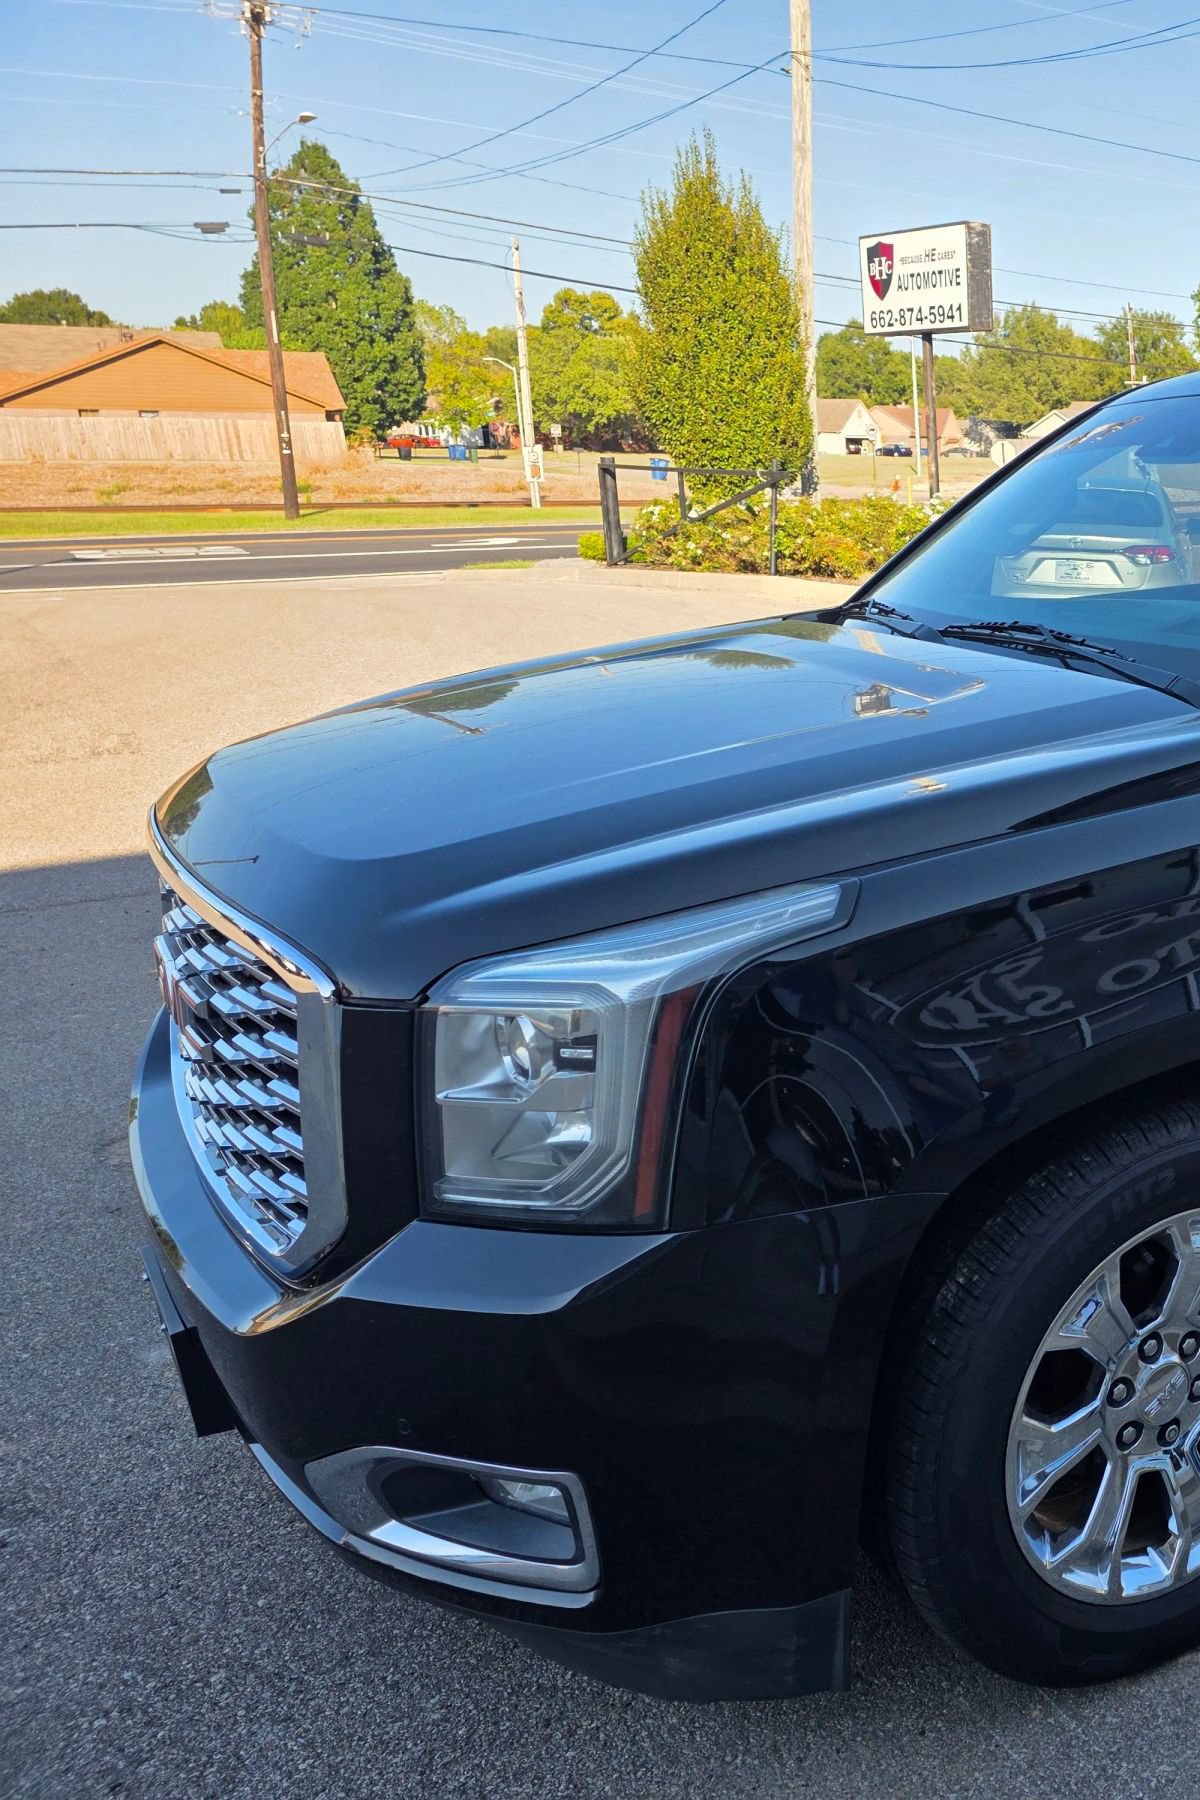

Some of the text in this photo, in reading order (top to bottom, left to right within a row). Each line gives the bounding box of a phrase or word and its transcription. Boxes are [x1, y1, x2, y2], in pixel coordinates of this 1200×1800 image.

[924, 248, 936, 263] HE
[897, 268, 961, 292] AUTOMOTIVE
[870, 303, 963, 329] 662-874-5941
[1144, 1368, 1186, 1418] GMC
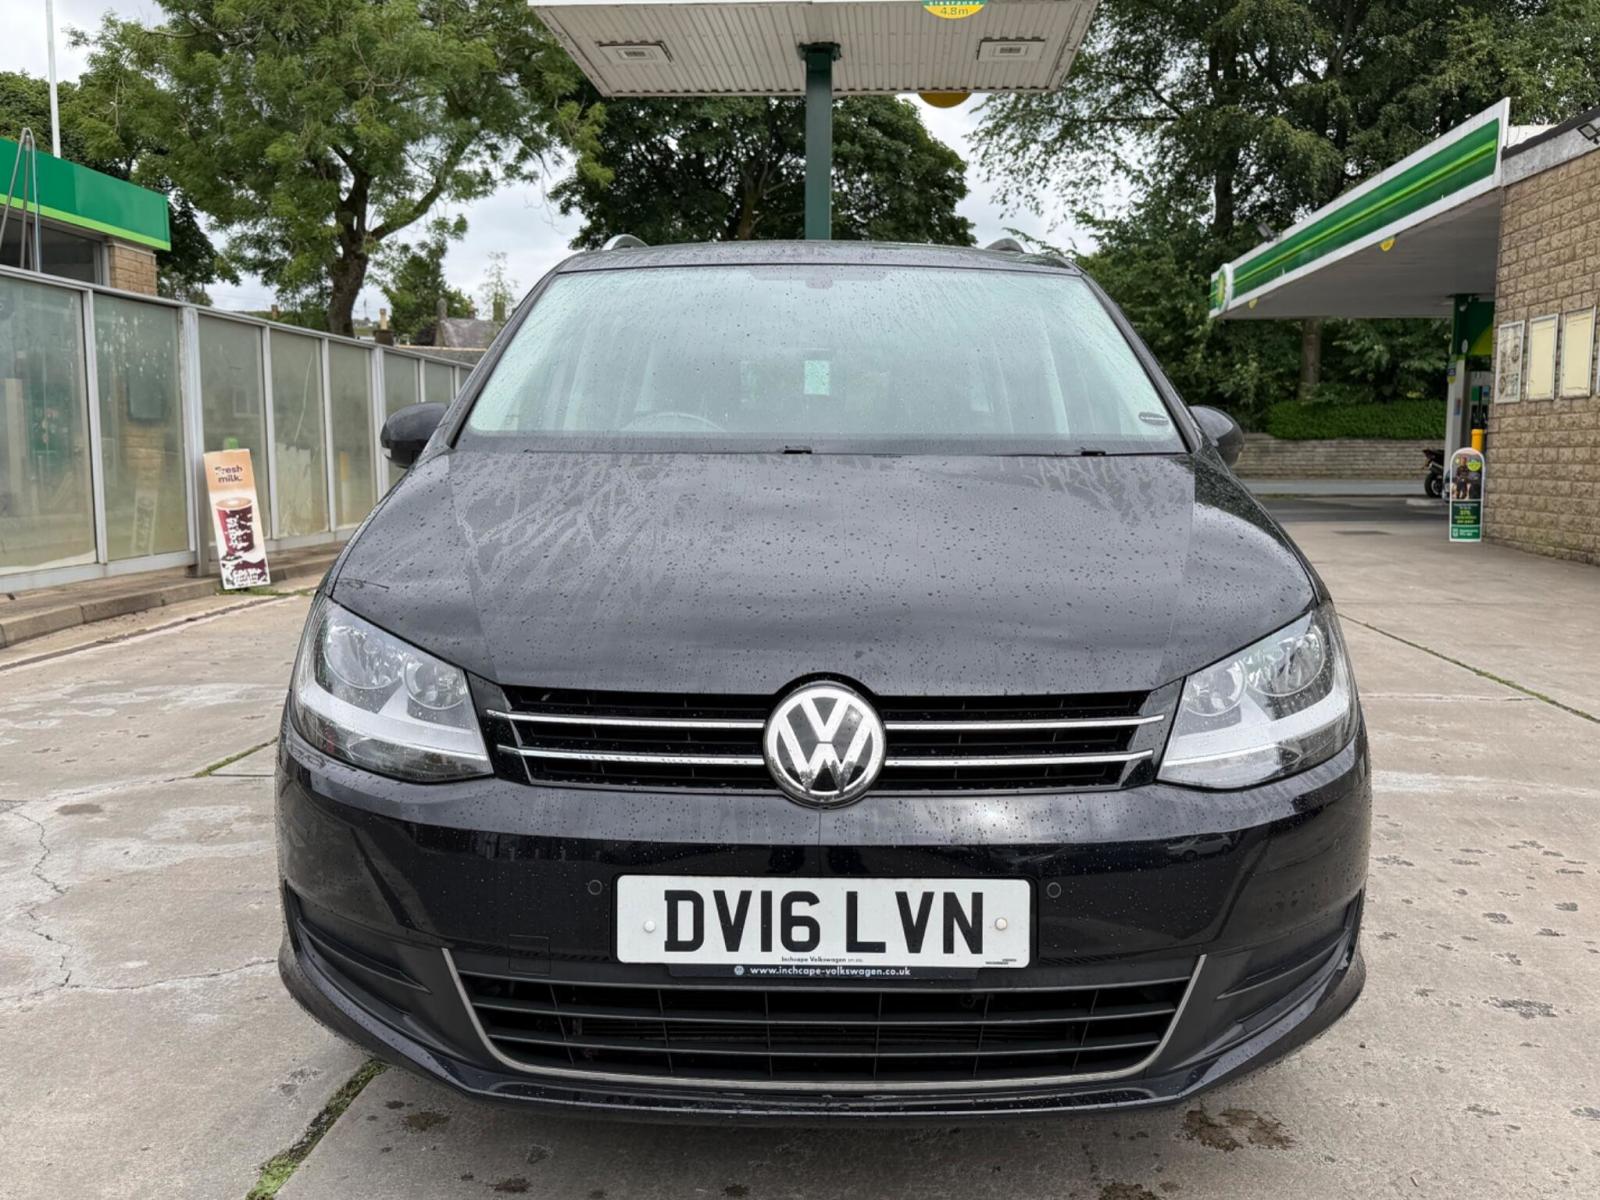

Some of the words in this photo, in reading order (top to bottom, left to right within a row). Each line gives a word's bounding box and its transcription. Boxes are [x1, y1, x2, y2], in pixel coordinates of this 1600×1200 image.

[664, 889, 821, 953] DV16
[845, 890, 984, 955] LVN
[809, 955, 847, 964] Volkswagen
[749, 965, 911, 977] www.inchcape-volkswagen.co.uk
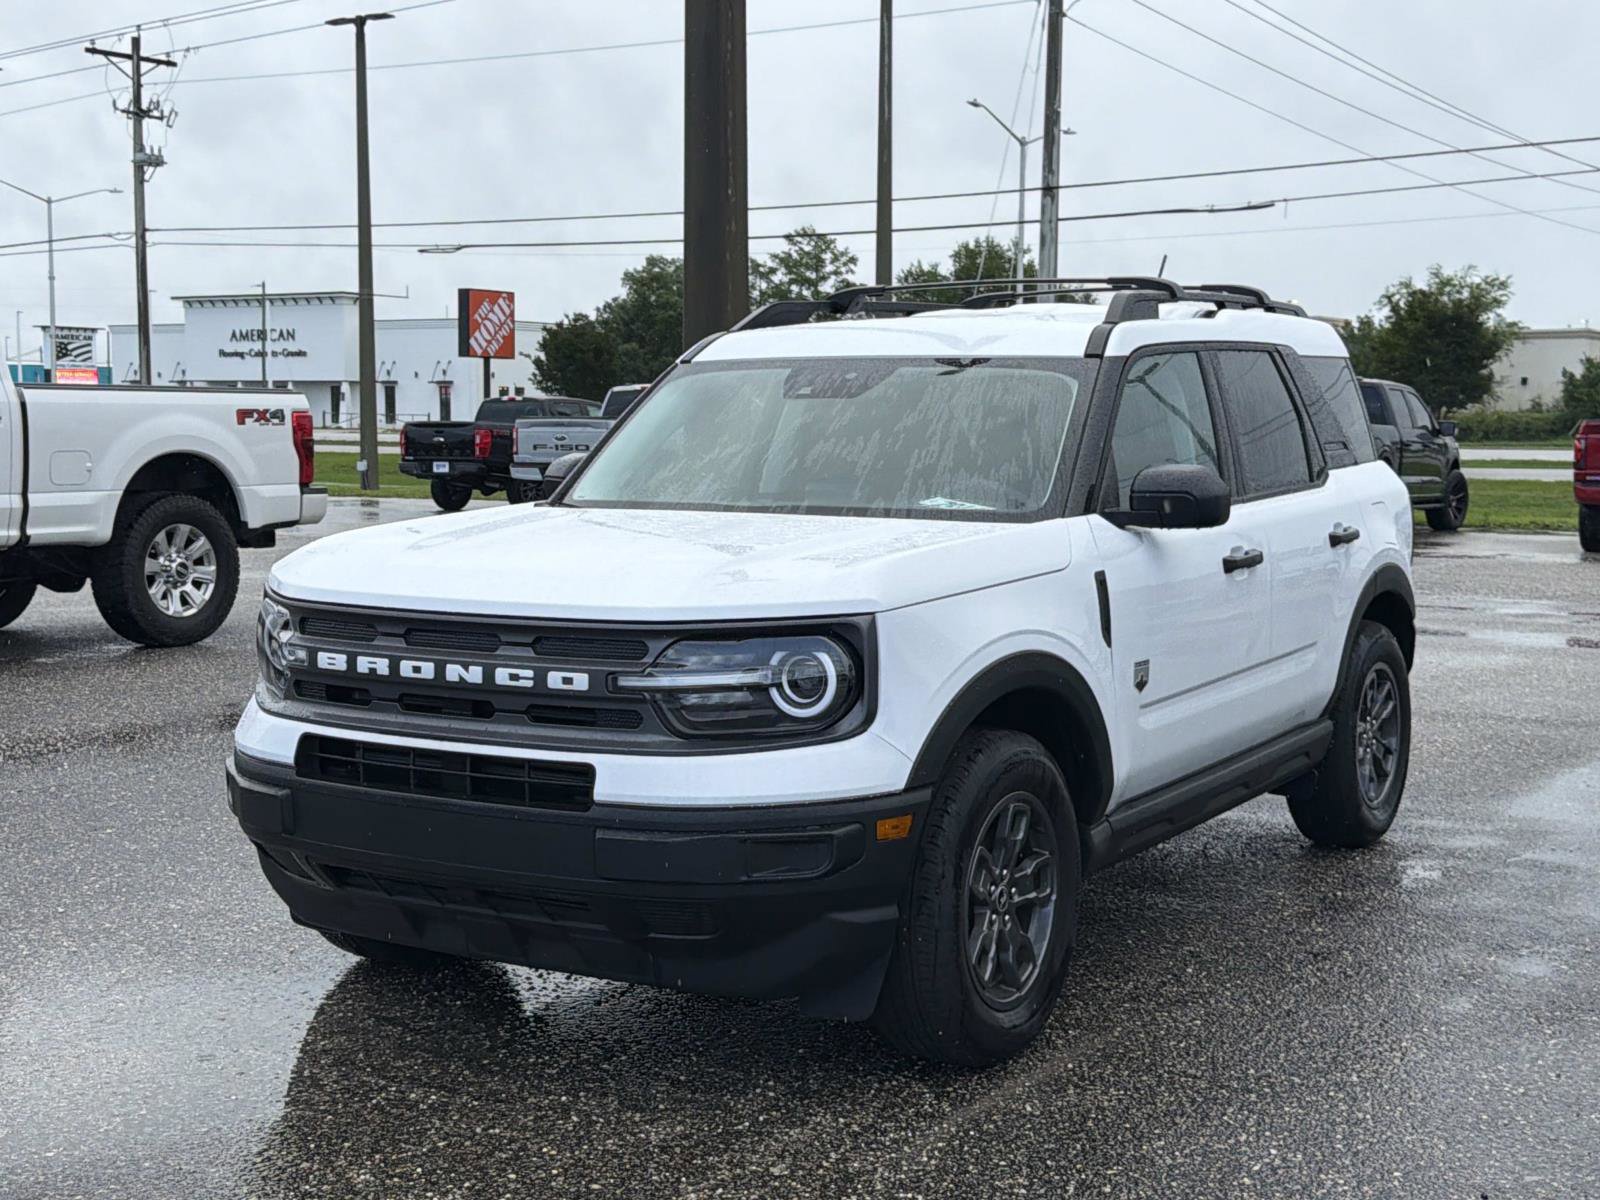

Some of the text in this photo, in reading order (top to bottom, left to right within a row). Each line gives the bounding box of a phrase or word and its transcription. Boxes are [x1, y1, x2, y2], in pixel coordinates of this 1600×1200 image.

[469, 293, 513, 357] HOME
[229, 328, 295, 342] AMERICAN
[236, 408, 285, 425] FX4
[533, 443, 590, 451] F-150
[317, 651, 590, 692] BRONCO

☆ ☆ ☆ ☆

> [PROBLEM] Pictures stay out; everything else in the listing above gets restated word for word.

> [WRITTEN REPLY]
Some of the text in this photo, in reading order (top to bottom, left to right within a row). Each line gives the bounding box of a phrase or word and its transcription. Boxes are [x1, y1, x2, y2], in pixel coordinates of this 1200×1800 image.

[924, 248, 936, 263] HE
[897, 268, 961, 292] AUTOMOTIVE
[870, 303, 963, 329] 662-874-5941
[1144, 1368, 1186, 1418] GMC

Some of the words in this photo, in reading order (top to bottom, left to right within a row). Each line gives a word's bounding box and its transcription. Boxes are [x1, y1, x2, y2], in pixel coordinates of this 1600×1200 image.

[664, 889, 821, 953] DV16
[845, 890, 984, 955] LVN
[809, 955, 847, 964] Volkswagen
[749, 965, 911, 977] www.inchcape-volkswagen.co.uk

Some of the text in this photo, in reading order (top to bottom, left to right within a row). Each line gives the bounding box of a phrase or word and its transcription. Boxes are [x1, y1, x2, y2], in pixel coordinates of this 1600×1200 image.

[469, 293, 513, 357] HOME
[229, 328, 295, 342] AMERICAN
[236, 408, 285, 425] FX4
[533, 443, 590, 451] F-150
[317, 651, 590, 692] BRONCO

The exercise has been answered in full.